Brian Miller said...

i resonate...its been a hard time here moving back a few years ago...all the friends i had before kinda moved on...and my work def makes it hard...but it can happen...it made me smile that she was willing to give to others though...but i like your wisdom on friends...

Terra said...

That's a sweet story about your daughter, you, jewels and making true friends.

Annesphamily said...

what a precious story! i love visiting you here. come visit me soon. i am hoping you are doing well. take care and hugs anne

Teresa @ Grammy Girlfriend said...

The sweetest story...I can so relate

Nezzy said...

Amen girl, that's what I tell both children and adults alike. To have friends, ya gotta be a friend.

Sweet, sweet story. I can just see your little girl self givin' your beautiful jewels to your classmates.

I be you were just cute as a button 'cause you still are.

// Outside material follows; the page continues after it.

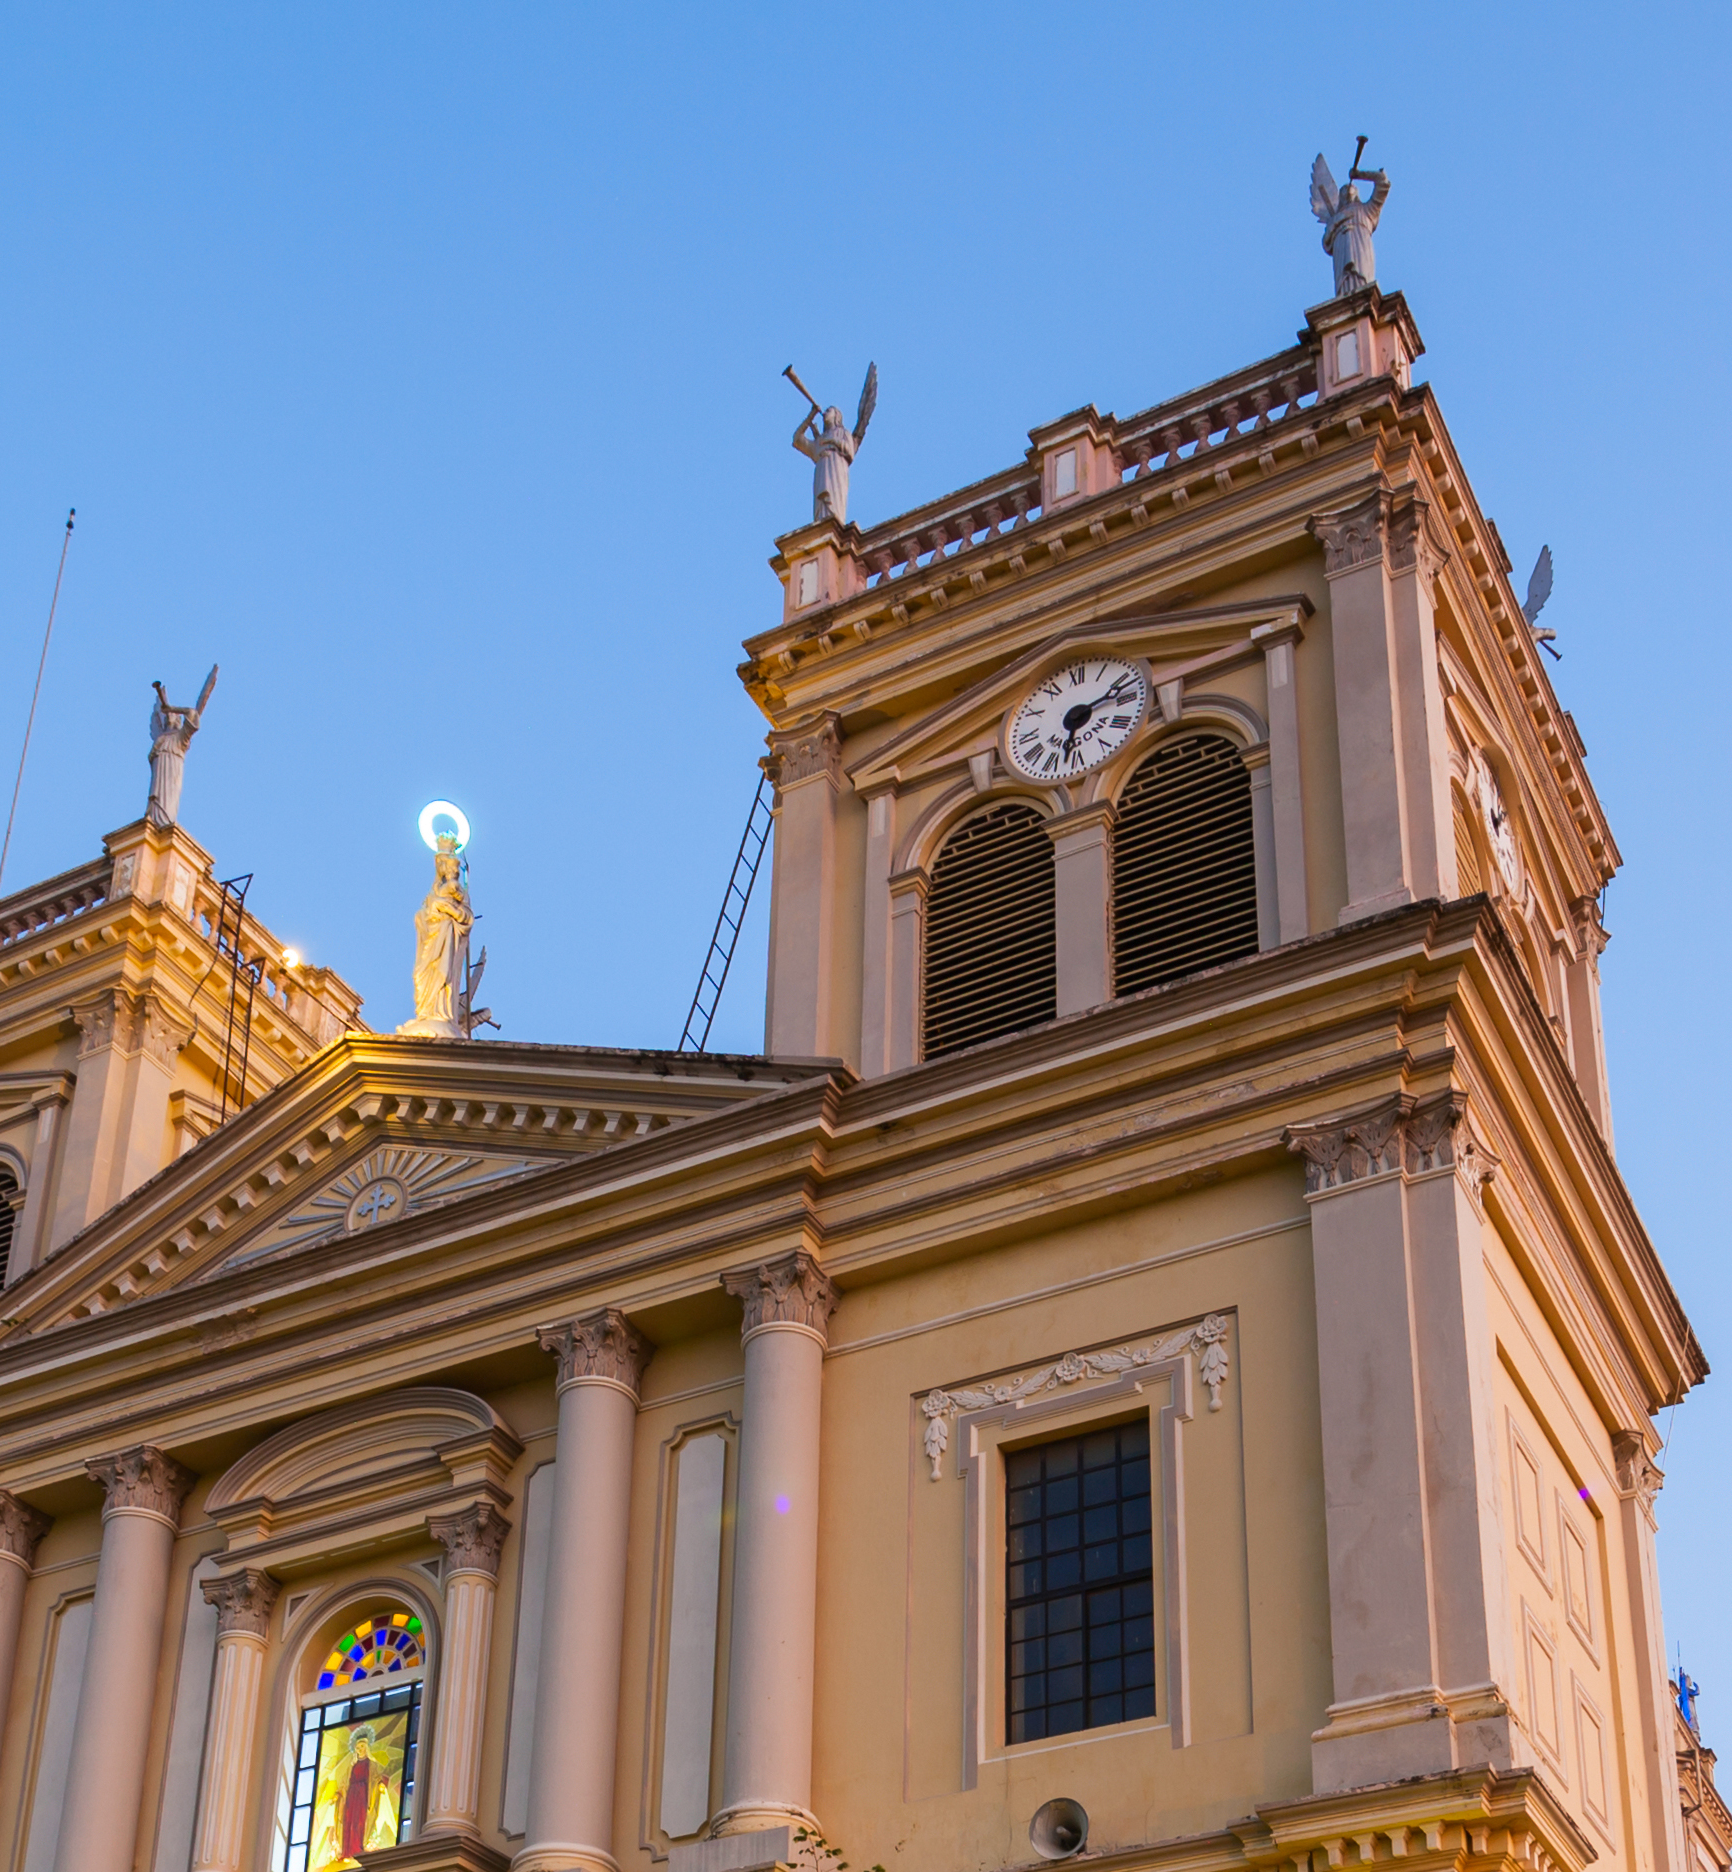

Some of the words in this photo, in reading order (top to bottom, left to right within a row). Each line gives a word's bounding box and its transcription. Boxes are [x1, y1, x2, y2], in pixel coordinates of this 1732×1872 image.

[1069, 665, 1085, 687] XII
[1043, 682, 1063, 701] XI
[1025, 708, 1045, 718] X
[1098, 738, 1112, 753] V

I know in my heart God has a perfect friend for ya just waitin' in the wings.

God bless and have an amazin' day sweetie!!! :o)

Leslie Payne said...

Sweet, sweet story. And you obviously struck a chord with a lot of people. Count me in! I moved to this area when R. and I married almost 8 years ago. It seems every friend I make soon moves away. My physical therapist has been my most consistant friendship! LOL Let's keep blooming where we're planted, one smile at a time.

Ina in Alaska said...

I think everyone seems "busier" these days. It is hard to get close to people & maybe that is ok. I have many friends who are all part of different circles- the tennis people, the dog folks, neighbors, co-workers. There is always something going on in any one of those groups.

Plus you are a newlywed & blending a family. Not easy. Much effort required there. I do not envy you at all. Been there/done that.

Just Stuff From a Boomer said...

I can so much relate to what you are felling. Terry and I moved to NC for his work, 3 years ago. Besides leaving behind my daughters and grandsons, I left my 5 dearest women friends. We had come together at work. One by one we left but even after 30 years, we are still close. How can I ever capture that again. You can't. So, I have no friends here. Looks like a few of us understand.

Joanna Jenkins said...

Hi Simone, I've lived in several different cities and states and I can so relate to this. Relocating and establishing friendships can be hard. But I've met you and I KNOW you are a sweetheart and it's just a matter of time before you have some really great gal pals to hang out with.

Hang in there. xoxo jj

Relyn said...

I know that friendless feeling. It is such a difficult time to go through. Don't give in, you know that new friendships will arrive more quickly than you think.

Linda Myers said...

Simone, I've lived in the Pacific Northwest for 30 years. I have found it is hard to make friends here. It's not that people are unfriendly. It just seems like they have all the friends they want already. I have no idea why that is.

What worked best for me was to live my life, doing what gave me pleasure, and to meet like-minded people. One by one.

Good luck to you. I get it!

Veronica Lee said...

What a sweet story about your daughter!